In 1963, Sleeping Car Porters union leader A. Philip Randolph was organizing what would become the historic march on Washington (where Martin Luther King Jr. would deliver his “I Have a Dream” speech) and asked Bearden to help. Bearden invited a group of artists—including such scions of the Harlem Renaissance as Norman Lewis, Charles Alston and Hale Woodruff, along with younger artists like Richard Mayhew and Emma Amos—to his studio to discuss the idea. The gathering evolved into a black artist collective that took the name Spiral.
The group often debated the importance of race to art. “That was part of Spiral’s struggle,” Reginald Gammon, who joined the group as a young artist, recalled recently. “Are we black or what? We all went to art schools in the United States, and a lot of our teachers were European. We even talked ourselves into believing that Picasso was blacker than most of us! He was using black subject matter when we weren’t.” (Bearden had mentioned to Gammon that in Paris Picasso had told him to “Paint your people.”)
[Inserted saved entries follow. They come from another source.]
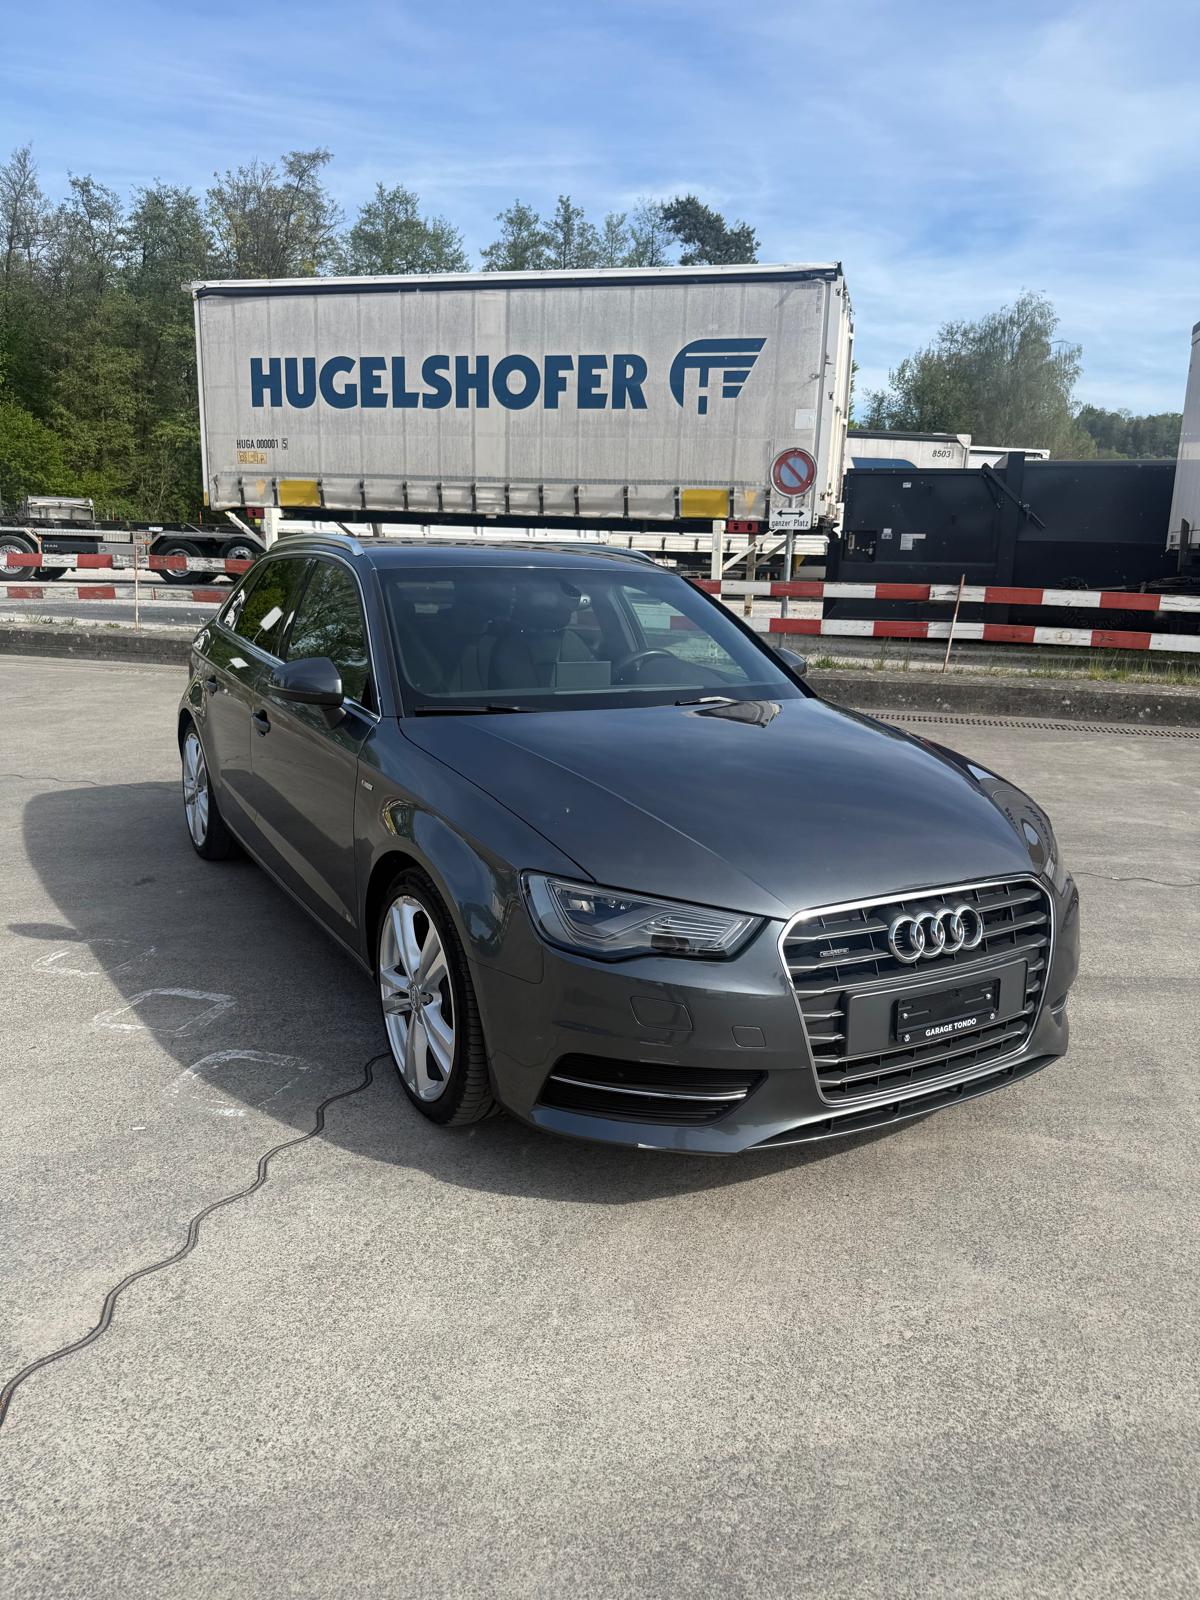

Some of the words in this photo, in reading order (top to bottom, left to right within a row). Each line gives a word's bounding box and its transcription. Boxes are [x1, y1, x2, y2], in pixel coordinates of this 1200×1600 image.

[250, 354, 648, 410] HUGELSHOFER
[236, 439, 255, 449] HUGA
[256, 439, 278, 449] 000001
[932, 449, 951, 458] 8503
[771, 520, 791, 528] ganzer
[793, 519, 809, 527] Platz
[925, 1023, 953, 1036] GARAGE
[953, 1017, 977, 1029] TONDO
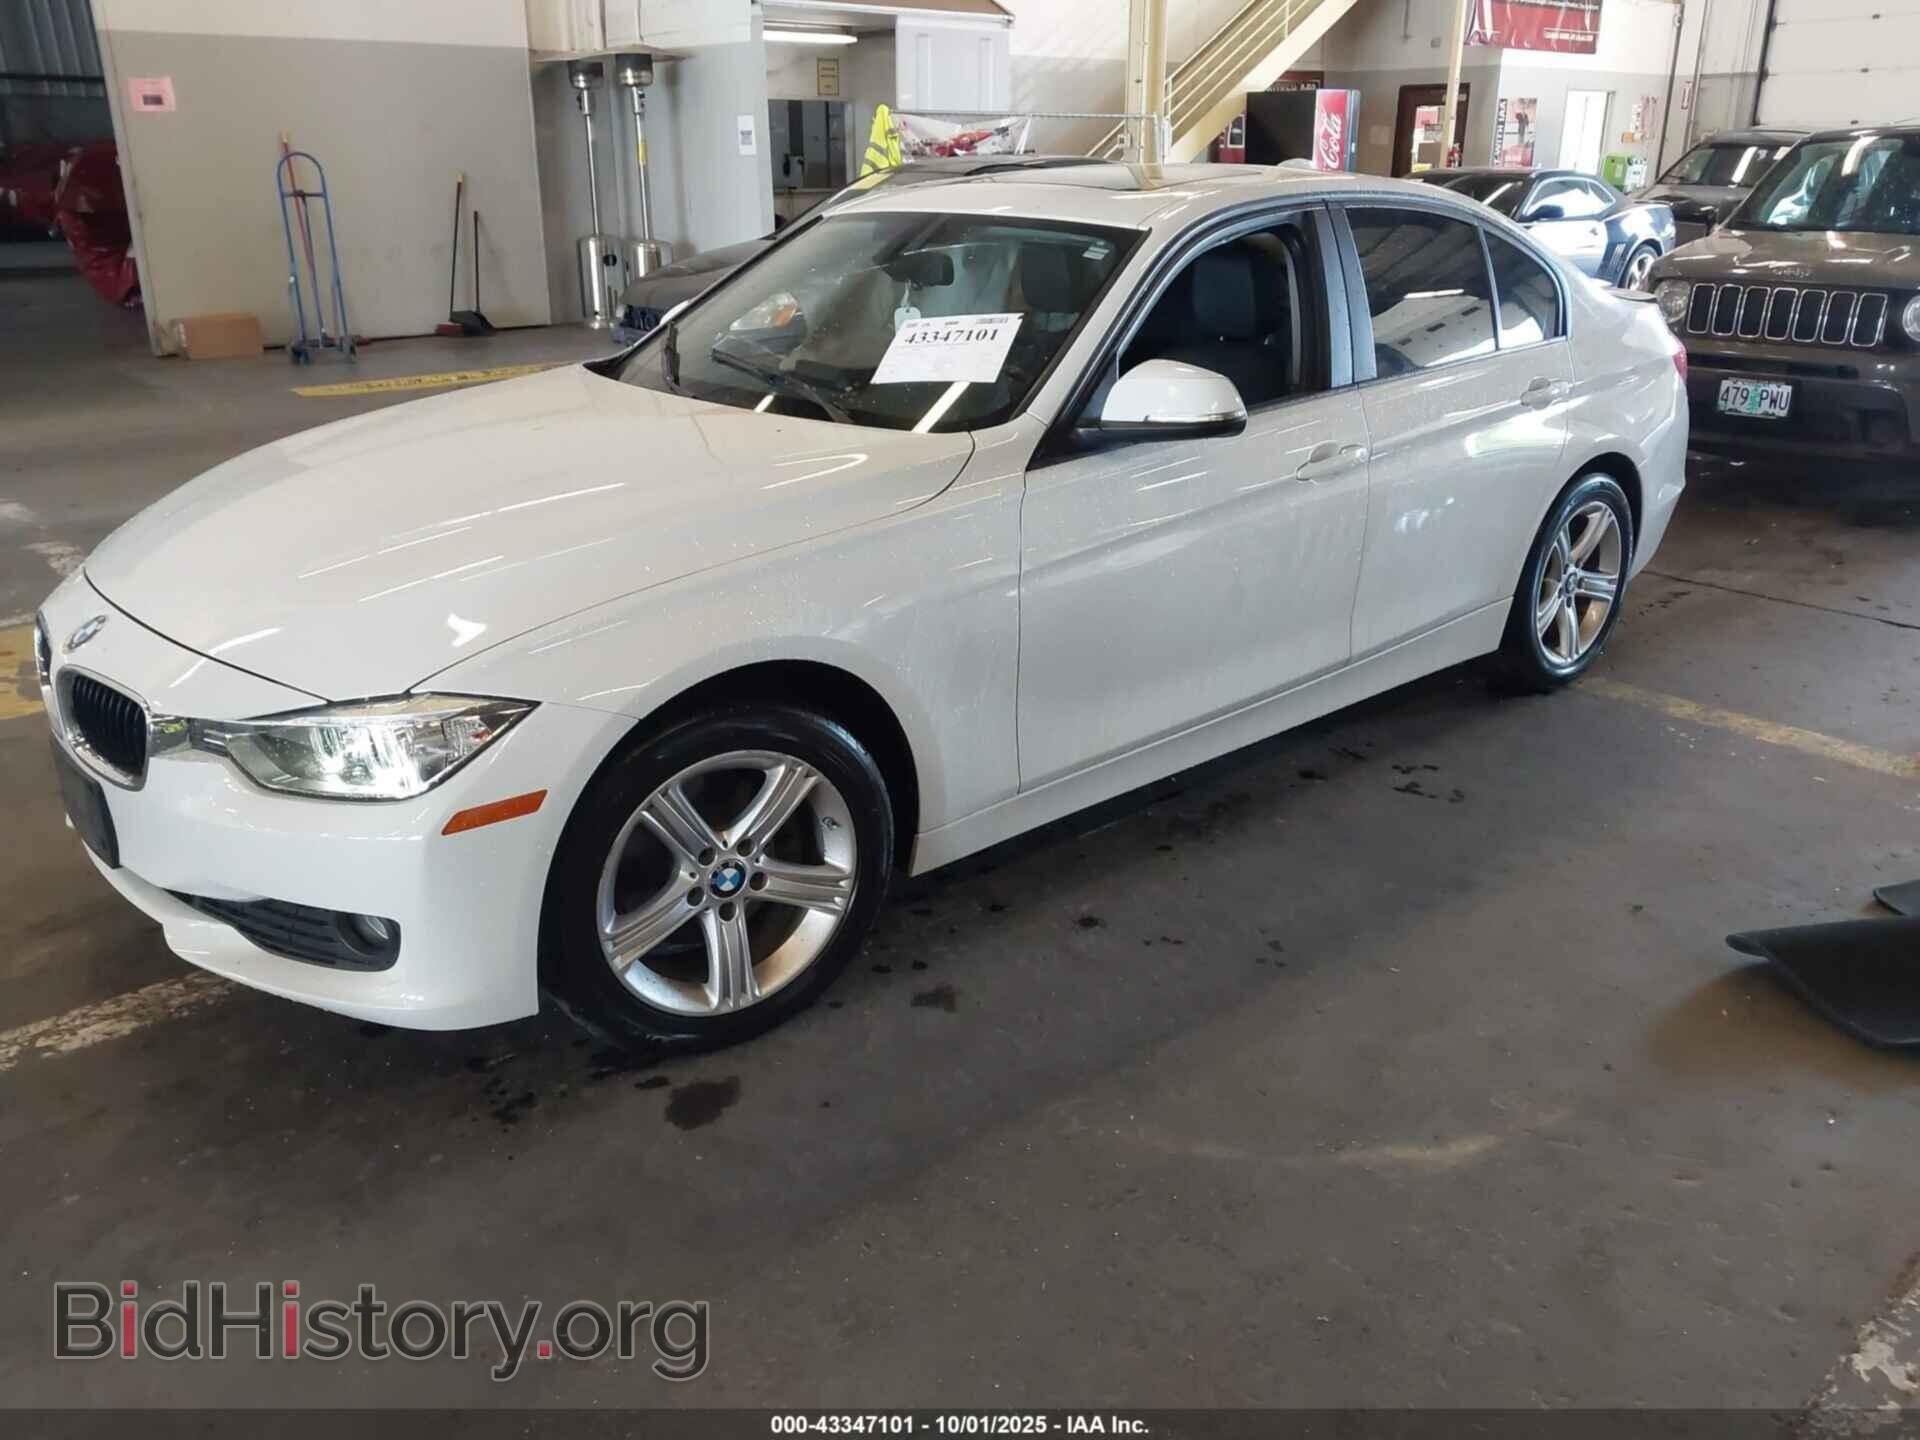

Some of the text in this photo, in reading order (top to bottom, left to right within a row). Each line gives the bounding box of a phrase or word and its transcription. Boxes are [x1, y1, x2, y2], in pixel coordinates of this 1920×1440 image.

[1319, 110, 1343, 169] Cola
[905, 328, 999, 345] 43347101
[1720, 386, 1790, 411] 479 PWU
By this time, Bearden had begun using photographic elements in his depictions of Harlem, Pittsburgh and rural MecklenburgCounty. Though his work built on the history of collage, with a nod to Picasso and Braque’s Cubist collaborations and Matisse’s paper cutouts, it also represented a breakthrough. “I have incorporated techniques of the camera eye and the documentary film, to personally involve the onlooker,” Bearden noted. And there was more to come.
“One day we were talking about his collages,” Gammon recalls, “and Romie said ‘I wish I could make them bigger.’ I was working in advertising and using a Photostat machine all the time, so I took him, with some of his collages, to a Photostat house in the neighborhood, and the man there asked Romie what are these? I’ll never forget it. Romie said, ‘Oh these are the works of our patients. We’re doctors from the mental hospital.’ He did it with such a straight face I almost cracked up. And the guy said, ‘Oh, yeah, I see,’ and went and blew them up. And when Romie had his first black-andwhite show, that’s what it was.”
It was actually the dealer Arne Ekstrom who spotted the 6-by-8-foot Photostats in Bearden’s studio and told the artist that he should devote his next exhibition to them. Bearden complied. A critic for the New York Herald Tribune, struck by the works’ “shock and impact,” called the 1964 “Projections” exhibition “one of the best shows in town.” Bearden had his first solo museum show at the Corcoran Gallery of Art in Washington, D.C. in 1965. The exhibits and sales that followed allowed him to trade social work for full-time painting in a series of studios in Long Island City, where he would create some of his most memorable images—among them the jazz figures in his Of the Blues series and the lush tropical landscapes of his last years. In 1971, the Museum of Modern Art in New York City featured a Bearden retrospective comprising 56 paintings going back to 1941.